RTd tweets from small follower count users may have characteristics that set them apart from their other tweets. Something drove readers to applaud them compared to the many other tweets of theirs that get nary a clap. By comparison, high follower count users could tweet a single word and still count on lots of retweets.

So, bottom-line, this analysis looks at the gems of low follower count users. And, since we're limited to just looking at 100 RTs per tweet, we also rely on the forgettable tweets of high follower count users. Ultimately I don't think this is an issue, but I want to mention it up front.


Ready for it? The magic number?

Eighteen minutes.

Yep, for half of the users sampled, 18 minutes or less was the time it took for half of their tweets' RTs to occur.

My suspicion was that tweets survived for a minute or so, never to be heard from again after that. Indeed, even following a few hundred users, it's hard to keep up with the tweets that come at you. But generally, tweets live longer than I had imagined. (This 18 minute figure keeps coming up again and again, no matter how you slice the data.)

What's to blame?

Well, nothing! That's just the way it is.

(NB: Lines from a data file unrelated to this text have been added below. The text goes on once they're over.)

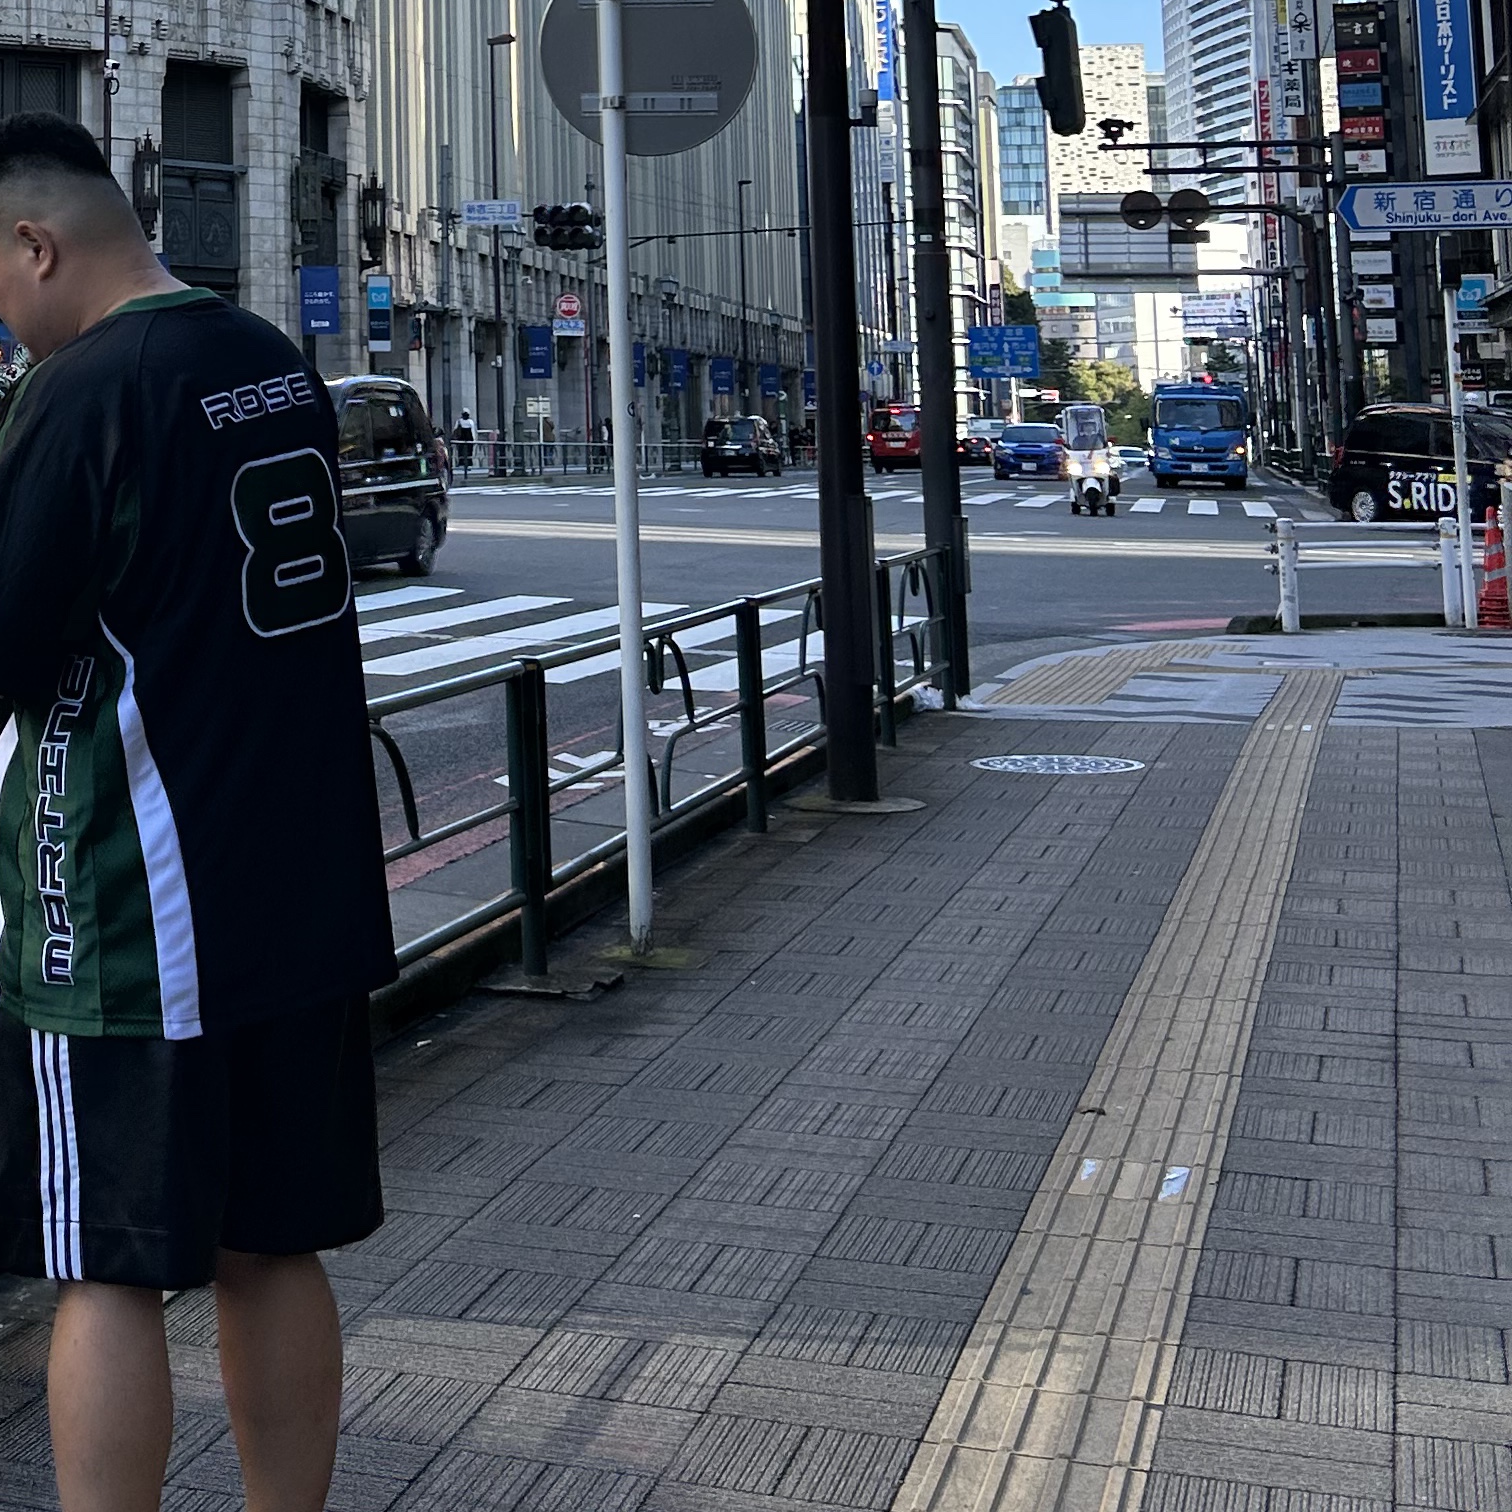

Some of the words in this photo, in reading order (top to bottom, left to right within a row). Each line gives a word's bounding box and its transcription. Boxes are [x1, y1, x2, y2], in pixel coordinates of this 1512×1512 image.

[1373, 187, 1512, 212] 新宿通り
[1385, 210, 1478, 225] Shinjuku-dori
[200, 372, 315, 431] ROSE
[1388, 480, 1472, 512] S.RID
[230, 447, 352, 639] 8
[34, 654, 96, 987] MARTINE
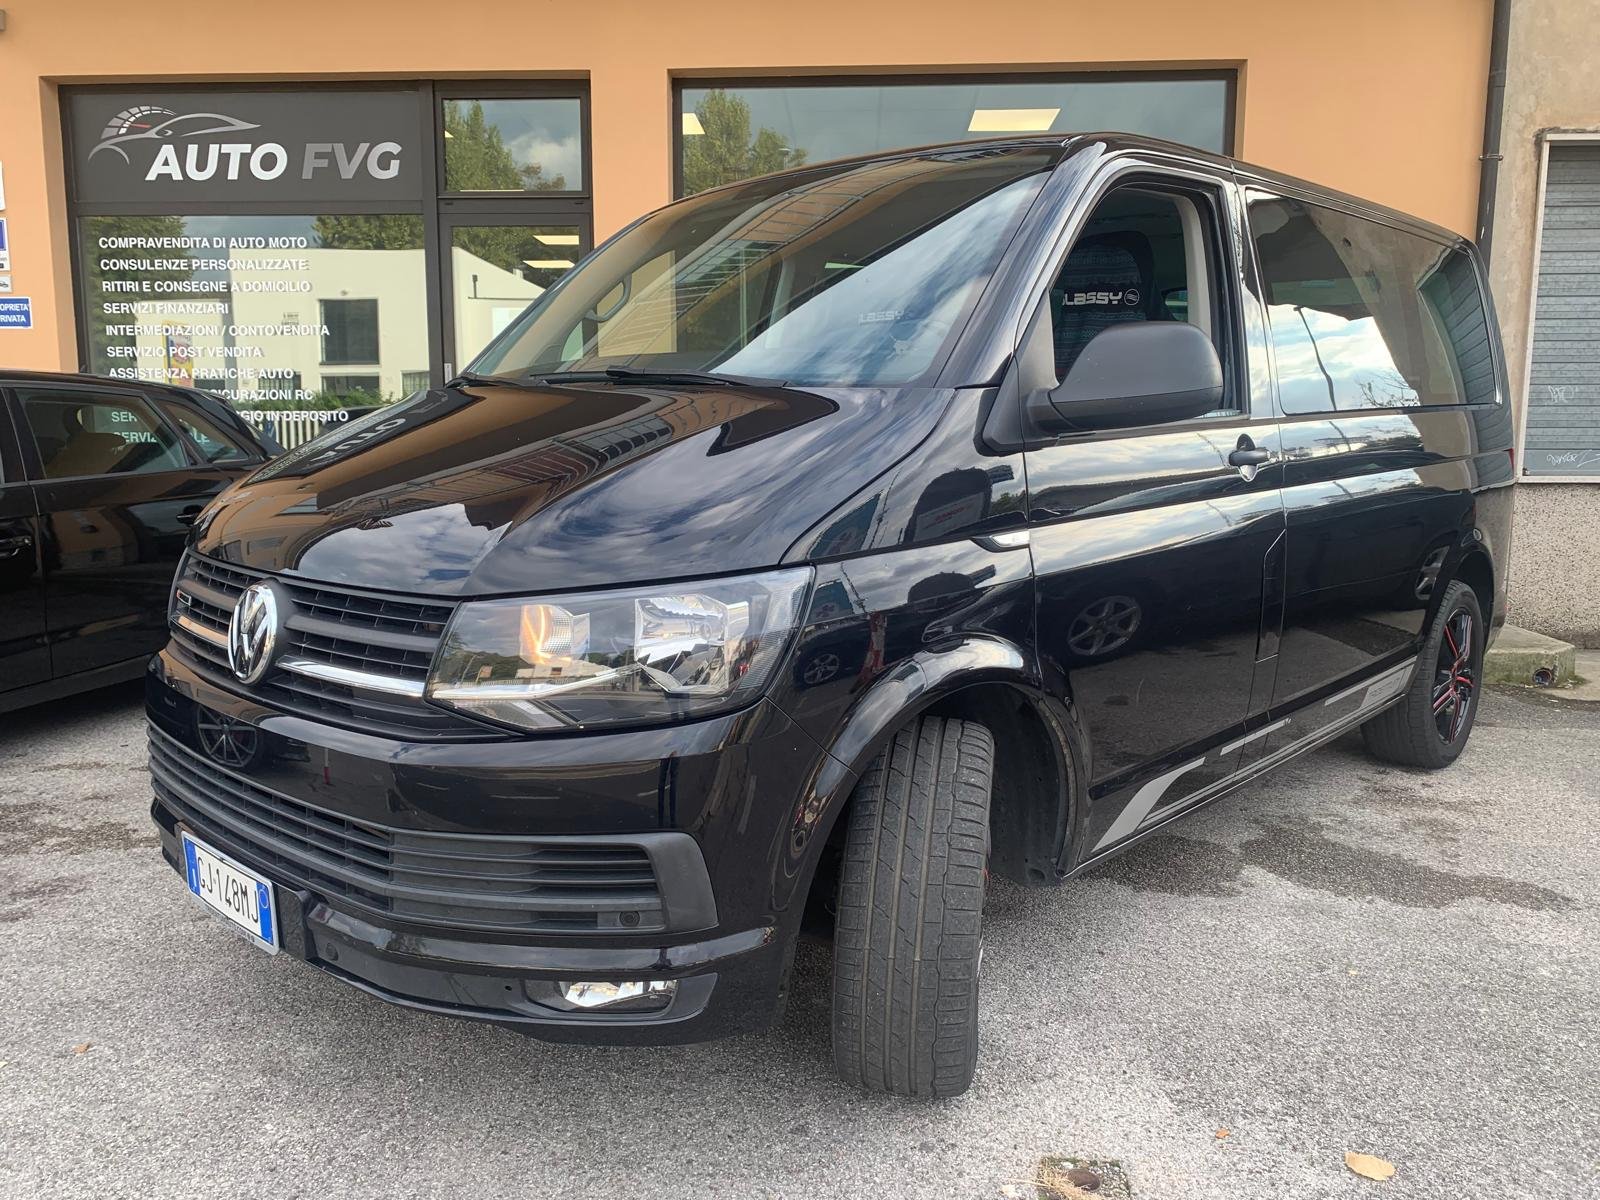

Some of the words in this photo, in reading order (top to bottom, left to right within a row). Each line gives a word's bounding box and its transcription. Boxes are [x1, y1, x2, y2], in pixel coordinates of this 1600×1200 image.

[145, 142, 289, 181] AUTO
[301, 141, 402, 180] FVG
[98, 236, 210, 249] COMPRAVENDITA
[213, 236, 226, 249] DI
[229, 236, 266, 249] AUTO
[268, 236, 308, 249] MOTO
[100, 258, 189, 271] CONSULENZE
[191, 258, 309, 271] PERSONALIZZATE
[102, 280, 140, 293] RITIRI
[142, 280, 151, 293] E
[153, 280, 228, 293] CONSEGNE
[230, 280, 241, 293] A
[243, 280, 311, 293] DOMICILIO
[103, 302, 153, 315] SERVIZI
[156, 302, 229, 315] FINANZIARI
[105, 324, 218, 337] INTERMEDIAZIONI
[228, 324, 331, 337] CONTOVENDITA
[106, 346, 167, 359] SERVIZIO
[169, 346, 204, 359] POST
[207, 346, 263, 359] VENDITA
[108, 367, 190, 380] ASSISTENZA
[192, 367, 256, 380] PRATICHE
[257, 367, 295, 380] AUTO
[295, 388, 314, 401] RC
[266, 410, 281, 423] IN
[282, 410, 349, 423] DEPOSITO

But just as nicotine may knock years off your life, a few things may change your tweets' lifespans significantly. As you'd expect, the number of people who follow you changes things up a bit.

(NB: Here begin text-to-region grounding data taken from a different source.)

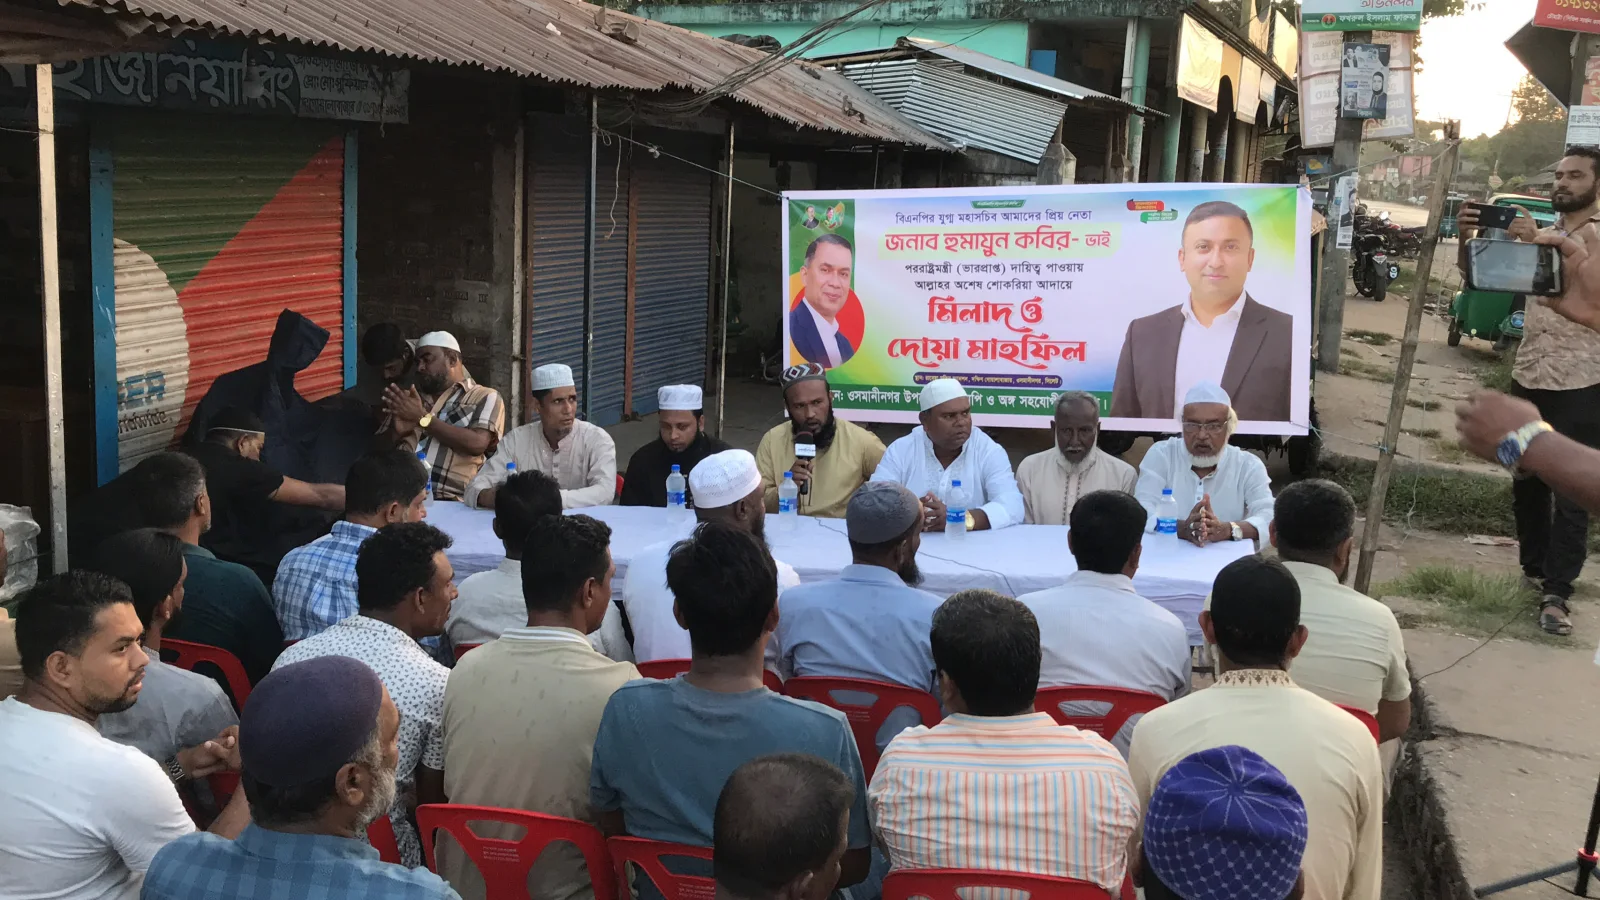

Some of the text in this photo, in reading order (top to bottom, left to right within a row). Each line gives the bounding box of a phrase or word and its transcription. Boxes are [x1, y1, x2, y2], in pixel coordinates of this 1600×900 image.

[896, 209, 1092, 225] বিএনপির যুগ্ম মহাসচিব আমাদের প্রিয় নেতা
[885, 233, 939, 251] জনাব
[943, 232, 1010, 257] হুমায়ুন
[1085, 231, 1112, 248] ভাই
[905, 261, 1085, 276] পররাষ্ট্রমন্ত্রী (ভারপ্রাপ্ত) দায়িত্ব পাওয়ায়
[954, 280, 983, 290] অশেষ
[986, 278, 1033, 291] শোকরিয়া
[1036, 279, 1074, 290] আদায়ে
[928, 296, 1034, 333] মিলাদ
[887, 333, 1088, 370] দোয়া মাহফিল
[847, 387, 900, 404] ওসমানীনগর
[998, 395, 1016, 408] অঙ্গ
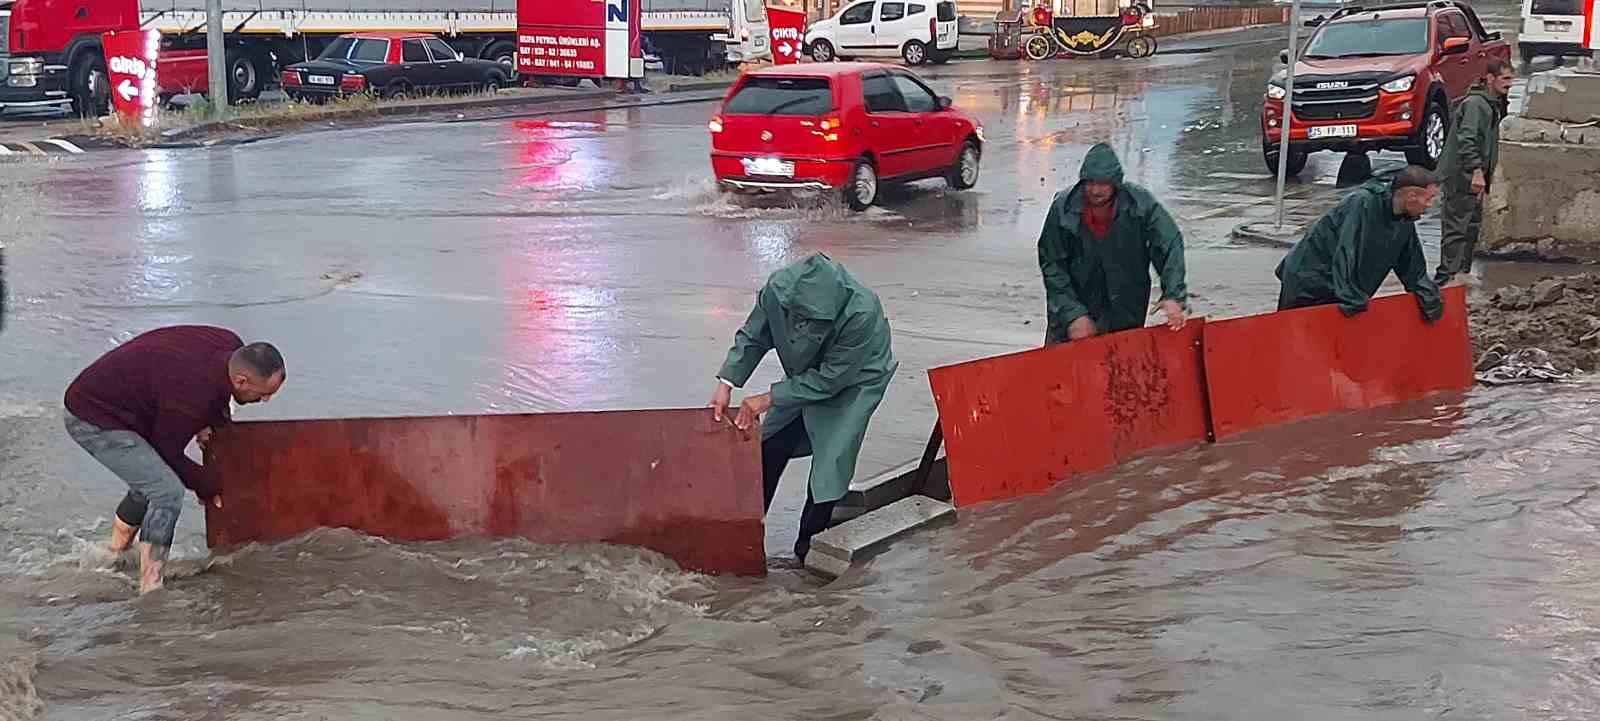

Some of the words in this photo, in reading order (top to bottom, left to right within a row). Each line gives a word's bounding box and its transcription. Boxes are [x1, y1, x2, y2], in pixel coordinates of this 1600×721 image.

[536, 36, 558, 44] PETROL
[772, 27, 798, 41] ÇIKIŞ
[109, 55, 146, 79] GİRİŞ

Here, I plot the average retweet time for all users against their follower counts. (Parenthetically, you can see the stratification I did for follower count… yes, we randomly sample, but first we put all Twitter users into buckets by how many follow them. This ensures we also sample from the relatively few high follower count users out there.)

High follower count users have a longer life than low follower count users. Okay, not that surprising.  (By the way, it's kind of in vogue to dismiss follower count, but generally it's the most informative and productive metric there is.)

Look a bit closer at the above graph. Note the dispersion on the left, for lower follower count users, is less than on the right, for higher follower count users. If we plot the standard deviations (and I'll save you from that nerdiness), the dispersion is very tight on the right, really disperse on the left. This indicates that there are some low follower count users who hit the ball out of the park. We'll dig more into this in a future post; to find out what it is about some of their tweets that allow them to go big.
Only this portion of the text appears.